> **Dataset extract**:

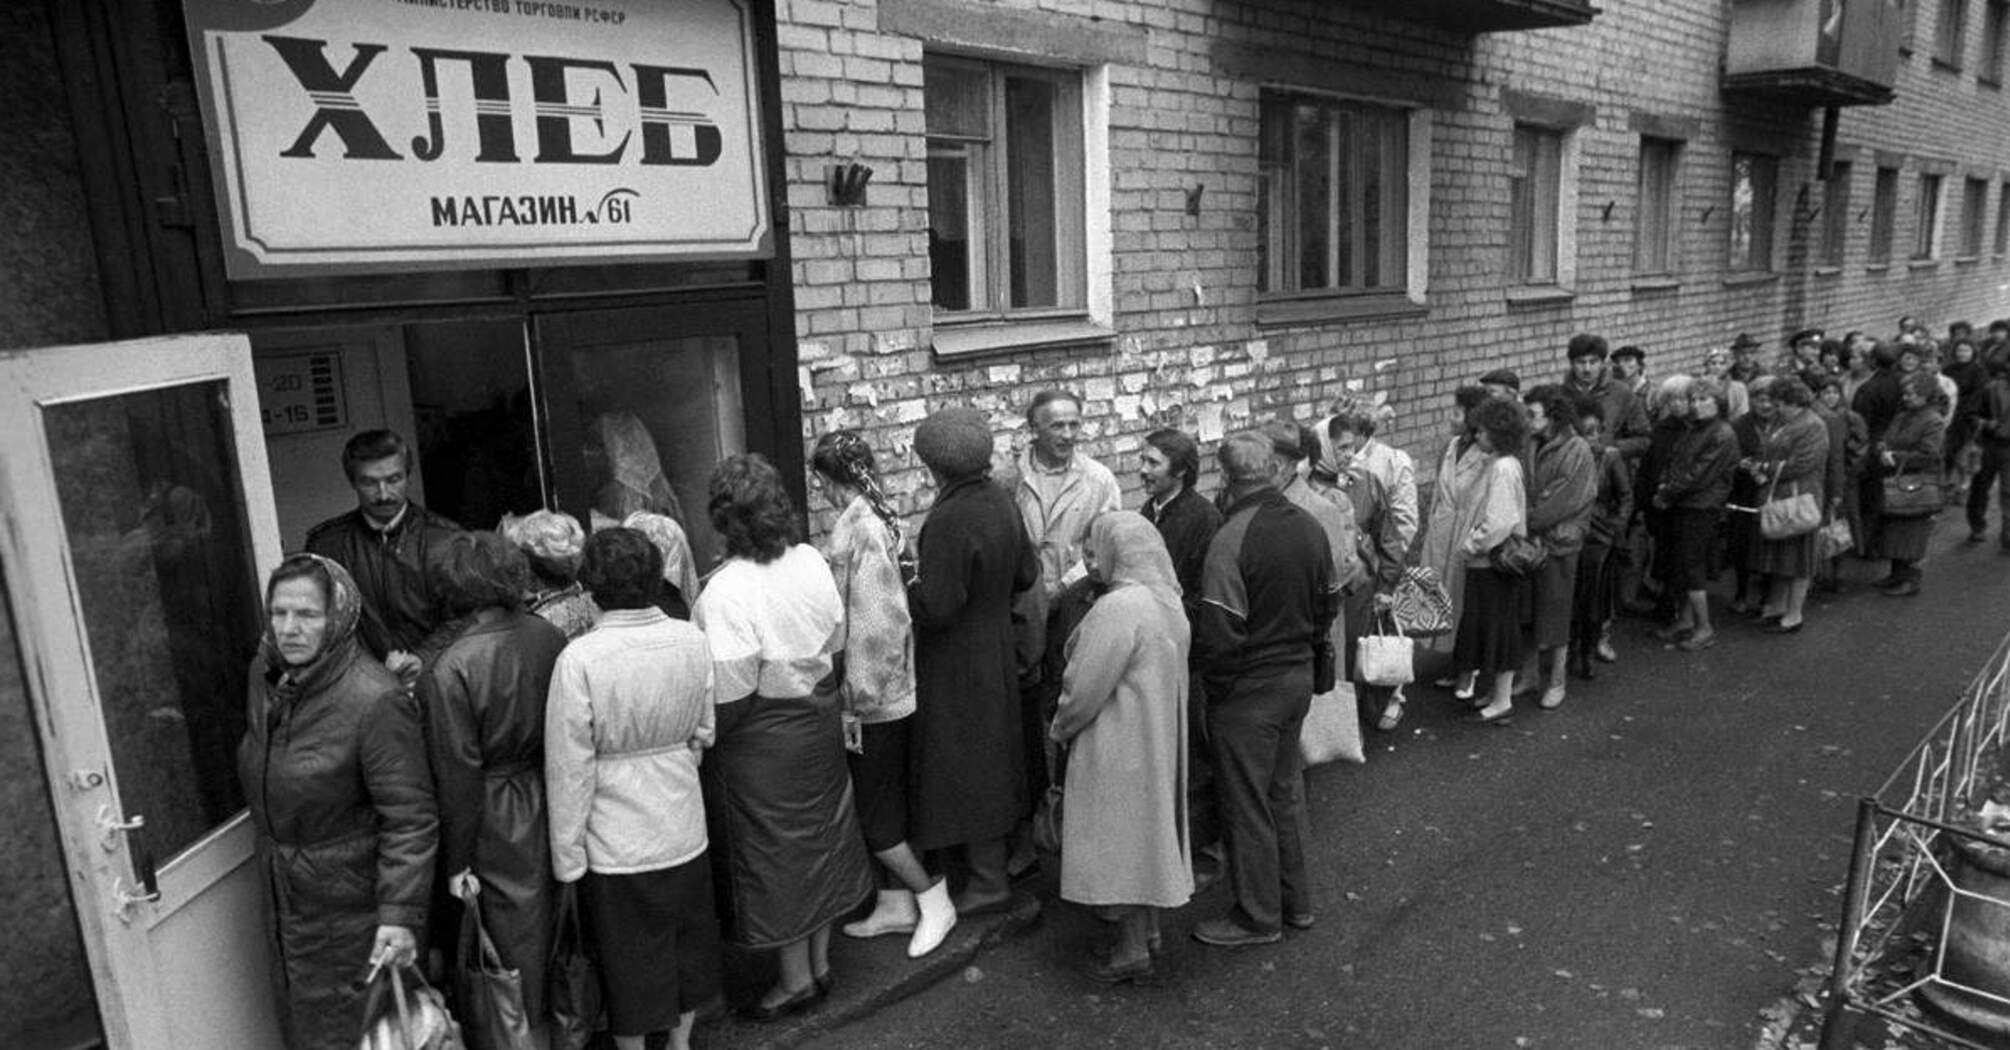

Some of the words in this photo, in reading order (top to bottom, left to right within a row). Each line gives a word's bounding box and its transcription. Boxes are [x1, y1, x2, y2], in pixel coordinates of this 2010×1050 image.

[515, 1, 580, 20] ТОРГОВЛИ
[584, 8, 625, 23] РСФСР
[262, 35, 721, 166] ХЛЕБ
[431, 196, 577, 227] МАГАЗИН

> **Try it**:
Each entry should be repeated exactly as it appears; the pictures stay out.

> **Completed task**:
Some of the words in this photo, in reading order (top to bottom, left to right within a row). Each line gives a word's bounding box and its transcription. Boxes are [x1, y1, x2, y2], in pixel coordinates of this 2010×1050 image.

[515, 1, 580, 20] ТОРГОВЛИ
[584, 8, 625, 23] РСФСР
[262, 35, 721, 166] ХЛЕБ
[431, 196, 577, 227] МАГАЗИН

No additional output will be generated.